── DATA IN THIS EXERCISE

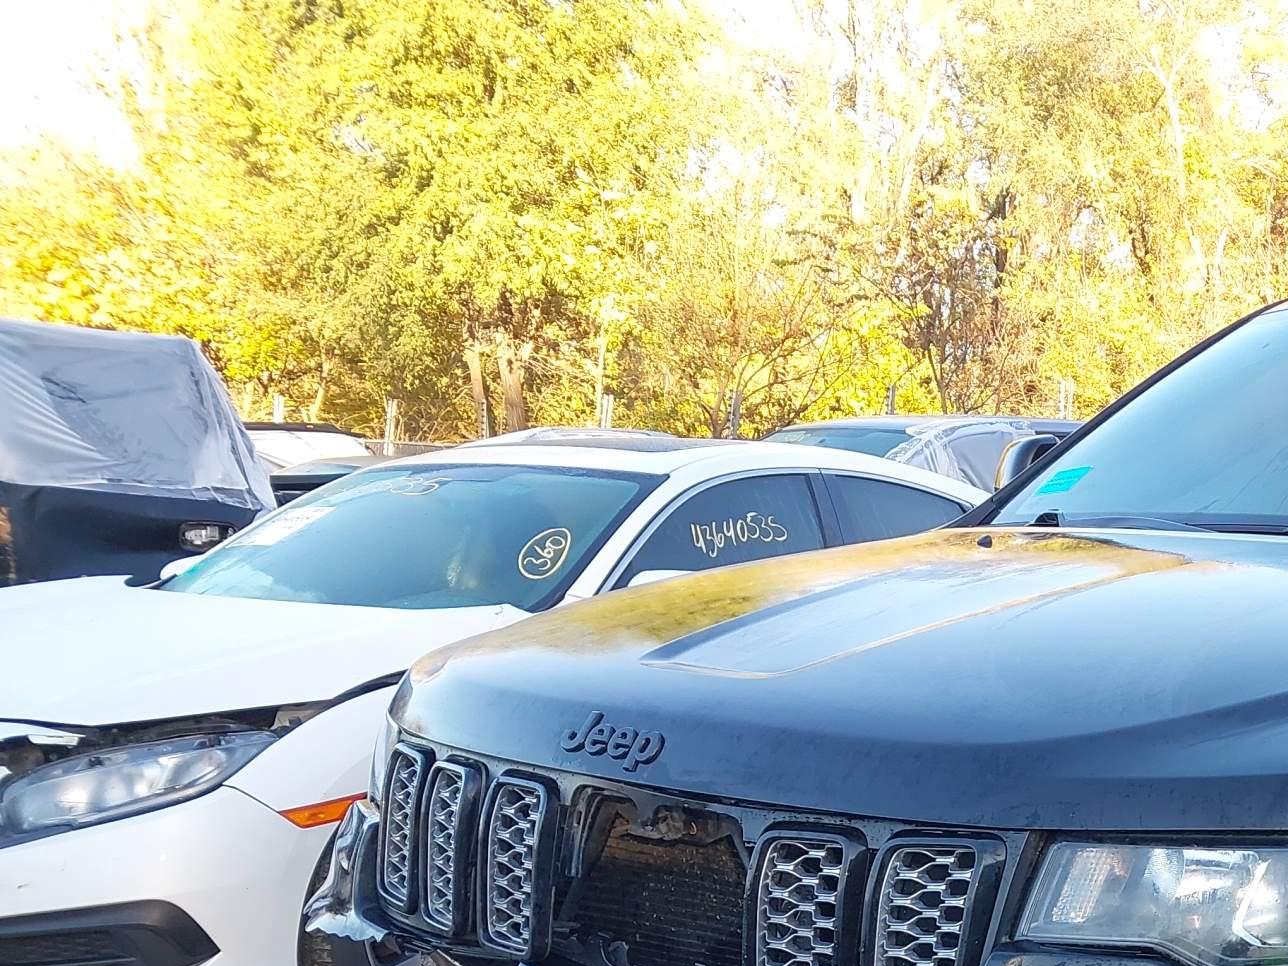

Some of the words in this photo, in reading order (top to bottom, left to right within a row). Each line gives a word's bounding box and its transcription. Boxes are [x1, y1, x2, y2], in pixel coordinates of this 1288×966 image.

[523, 535, 566, 571] 360
[689, 511, 788, 558] 43640535
[559, 709, 666, 773] Jeep
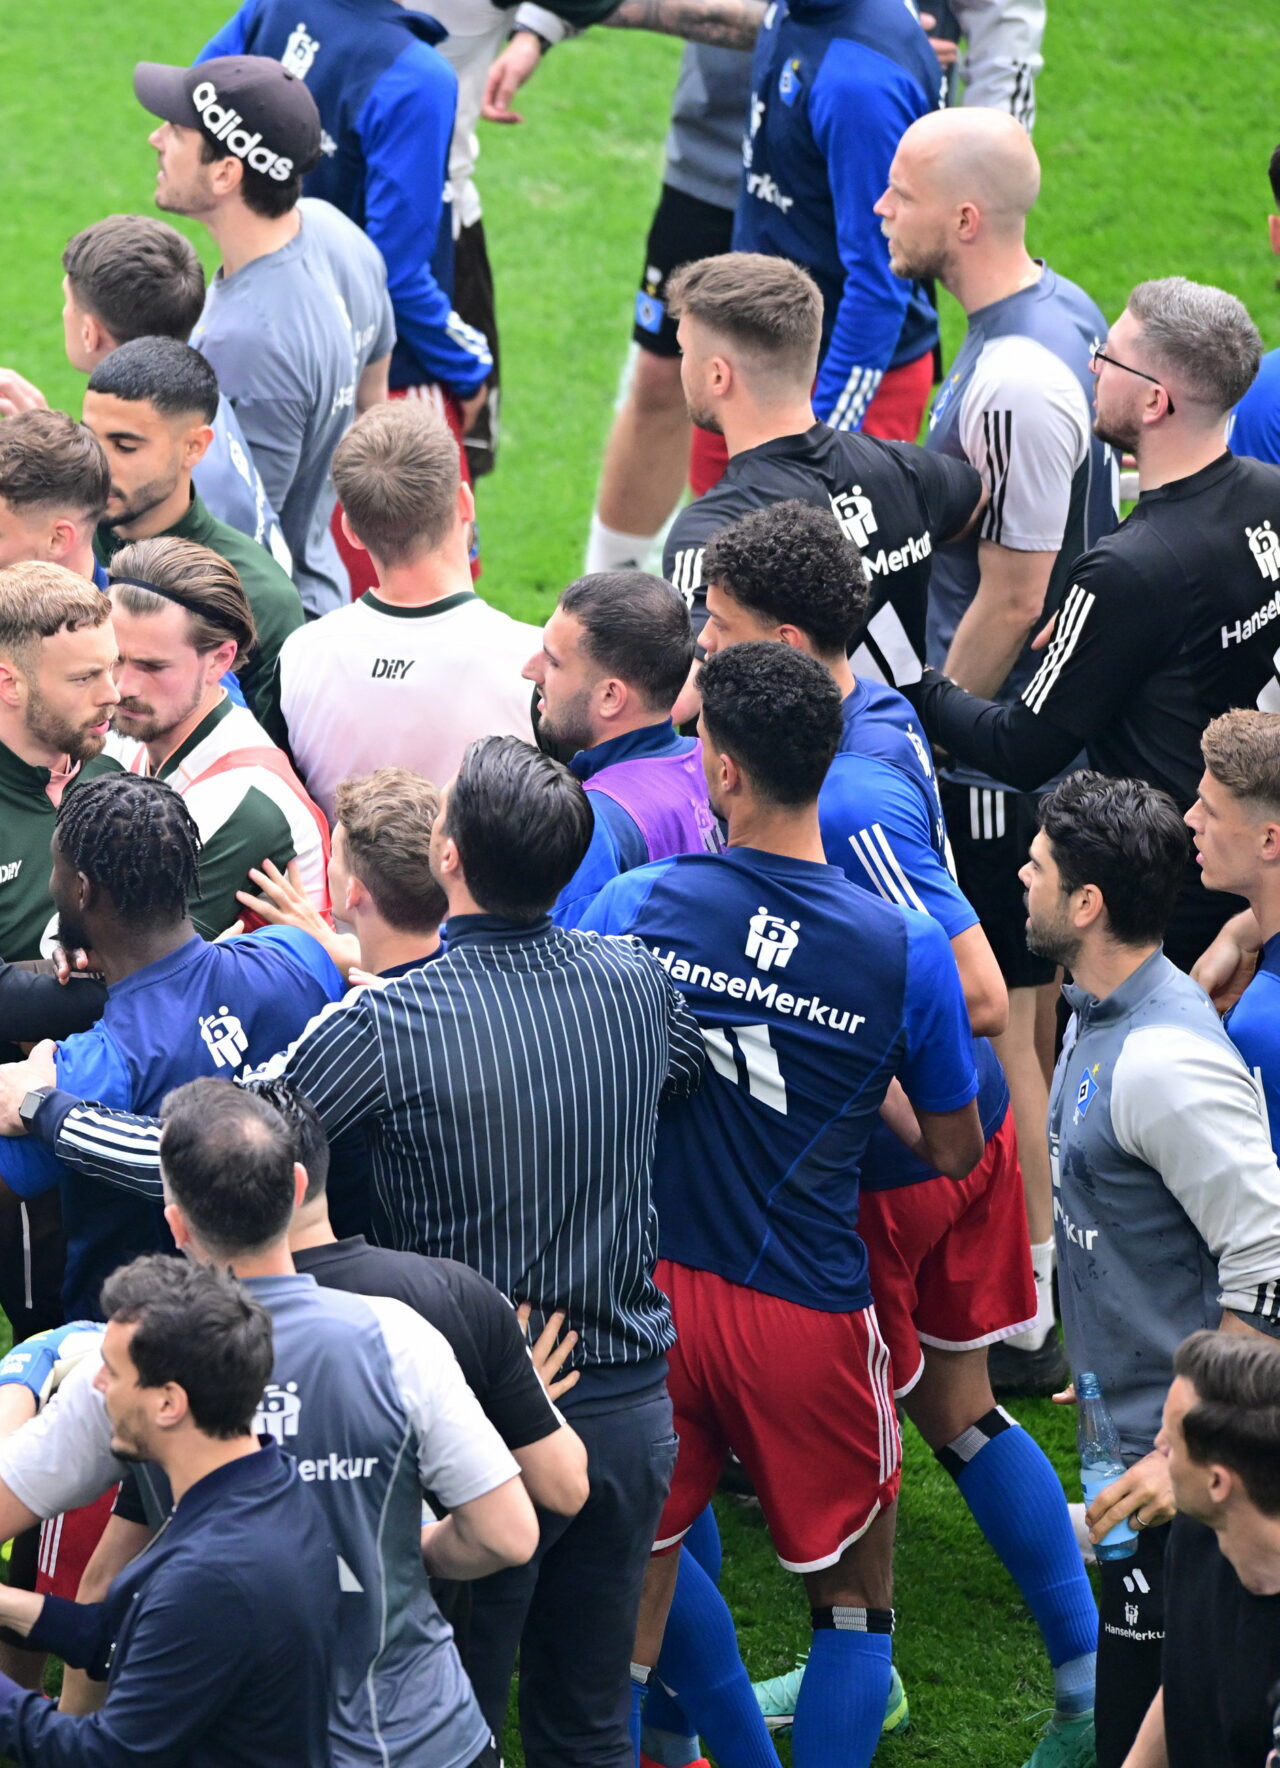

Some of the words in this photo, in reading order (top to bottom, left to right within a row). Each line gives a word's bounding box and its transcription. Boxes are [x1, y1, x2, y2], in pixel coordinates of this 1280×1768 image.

[192, 81, 294, 181] adidas
[650, 946, 867, 1036] HanseMerkur
[1104, 1622, 1167, 1642] HanseMerku

────

* EXERCISE BRIEF:
Restate the tail of the listing word for word, beginning at the line containing "this 1280×1768 image.".

* SOLUTION FOR THIS EXERCISE:
Some of the words in this photo, in reading order (top to bottom, left to right within a row). Each line gives a word's bounding box and its transcription. Boxes are [x1, y1, x2, y2], in pixel coordinates of this 1280×1768 image.

[192, 81, 294, 181] adidas
[650, 946, 867, 1036] HanseMerkur
[1104, 1622, 1167, 1642] HanseMerku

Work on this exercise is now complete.